Pour ce qui concerne l'abolition des démarches d'embauche, l'article 17 nous renseigne qu'il ne s'agit là que de la première affectation à un poste qui sera prononcée par le ministre sur base d'un classement national et des préférences exprimés par les candidats. Lors d'une demande de réaffectation, le conseil communal “choisit entre tous les candidats intéressés suivant les règles tracées par les articles 19 et 32 à 34 de la loi communale et sur base d'un classement établi par l'inspecteur d'arrondissement”. Voilà que les démarches d'embauche gagneront probablement en importance.

Malheureusement l'article 19 nous apprend qu'il y a pire: “Le ministre ou la ministre peut réaffecter dans l'intérêt du service ou à la demande d'un conseil communal, prononcée sur demande écrite et motivée de la commission scolaire, un instituteur ou une institutrice d'une commune dans une autre, l'intéressé entendu en ses observations. Le ministre ou la ministre en avise préalablement les communes concernées”. Voilà pour ceux qui croyaient que la hiérarchie et les procédures disciplinaires allaient être clarifiées. L'instituteur restera donc exposé à des sanctions supplémentaires à celles fixées par le statut général des fonctionnaires de l'Etat. Car une telle réaffectation aurait certainement des conséquences néfastes sur les conditions dans lesquelles la personne concernée exercera dorénavant sa profession.

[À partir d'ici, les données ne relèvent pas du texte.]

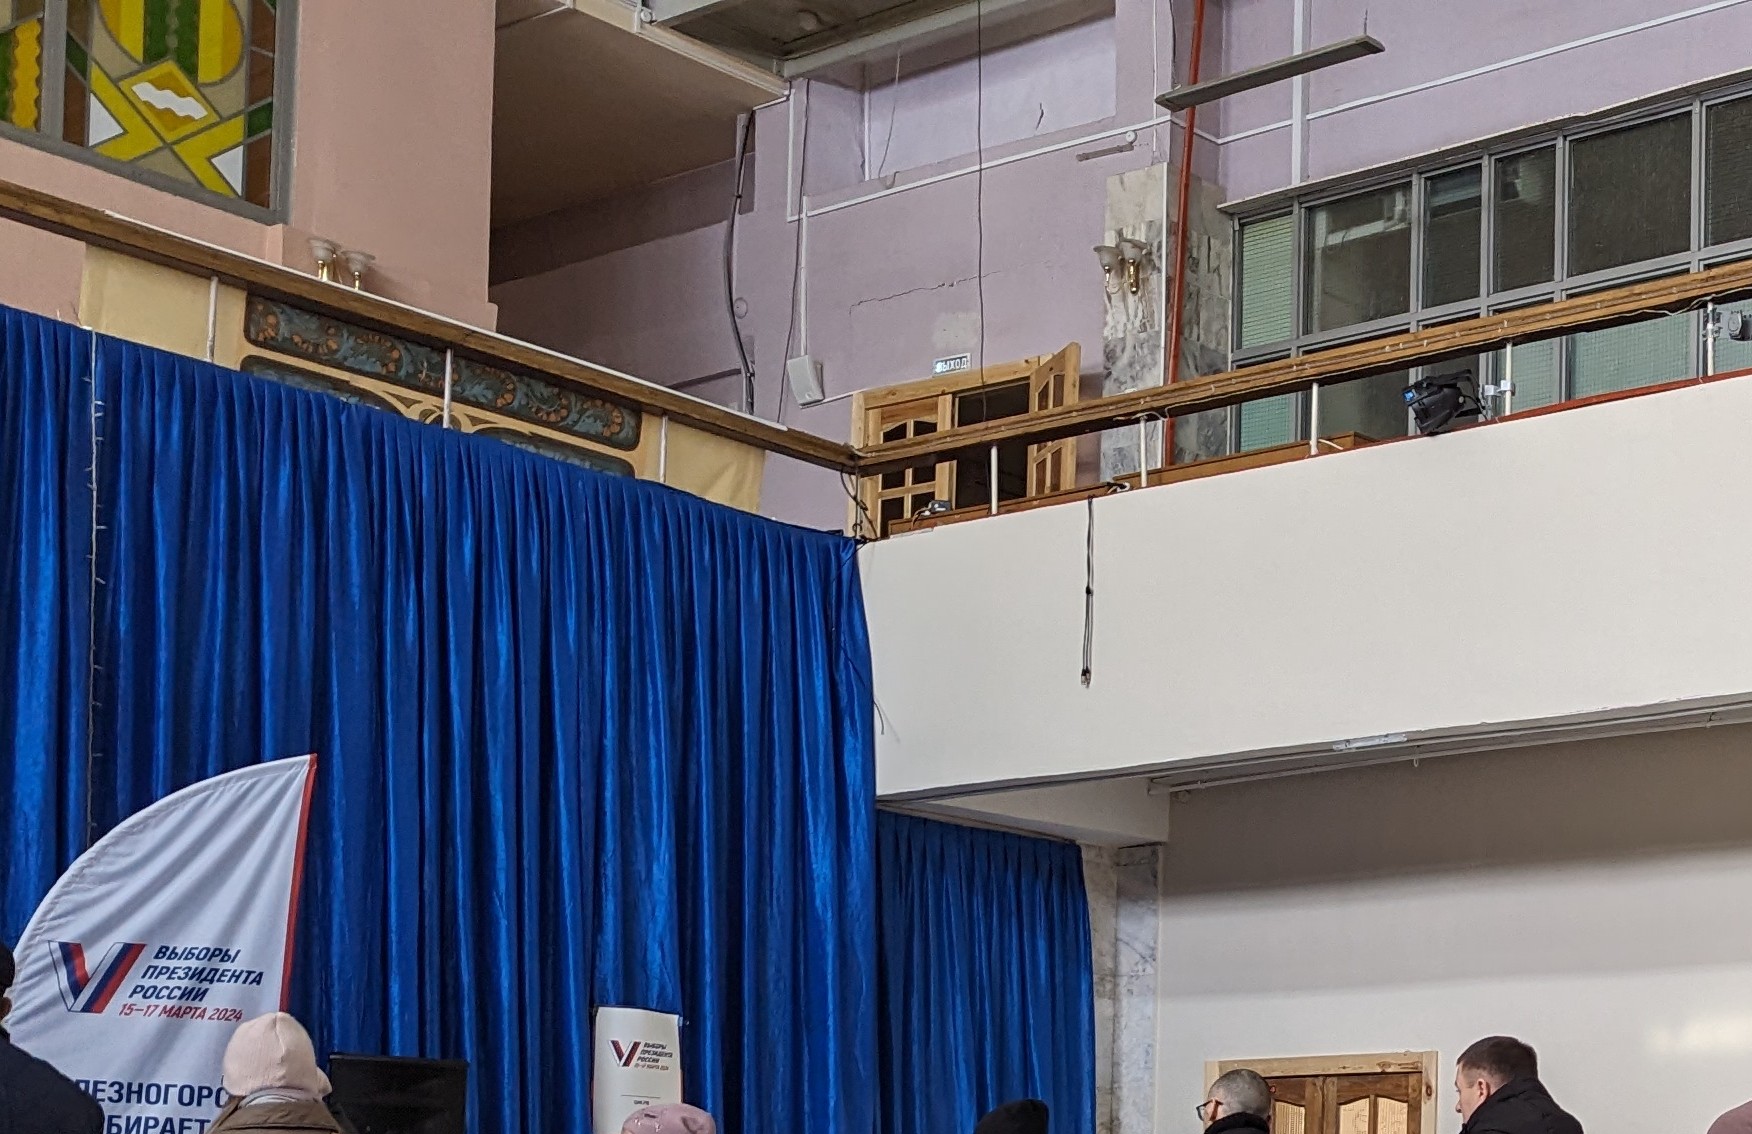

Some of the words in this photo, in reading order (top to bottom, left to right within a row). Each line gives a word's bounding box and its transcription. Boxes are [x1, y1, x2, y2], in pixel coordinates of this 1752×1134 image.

Comment pourrait-on préserver l'autorité indispensable à l'exercice de la profession après un tel désaveu ? Il est d'ailleurs difficile d'imaginer les motifs d'une telle réaffectation: Est-ce qu'il est possible qu'un enseignant fasse un travail valable dans une commune x alors que la commune y doit absolument s'en débarrasser?

L'instituteur et l'institutrice n'ont donc rien à gagner dans cette affaire de nomination étatique, tout au contraire, ils y ont beaucoup à perdre.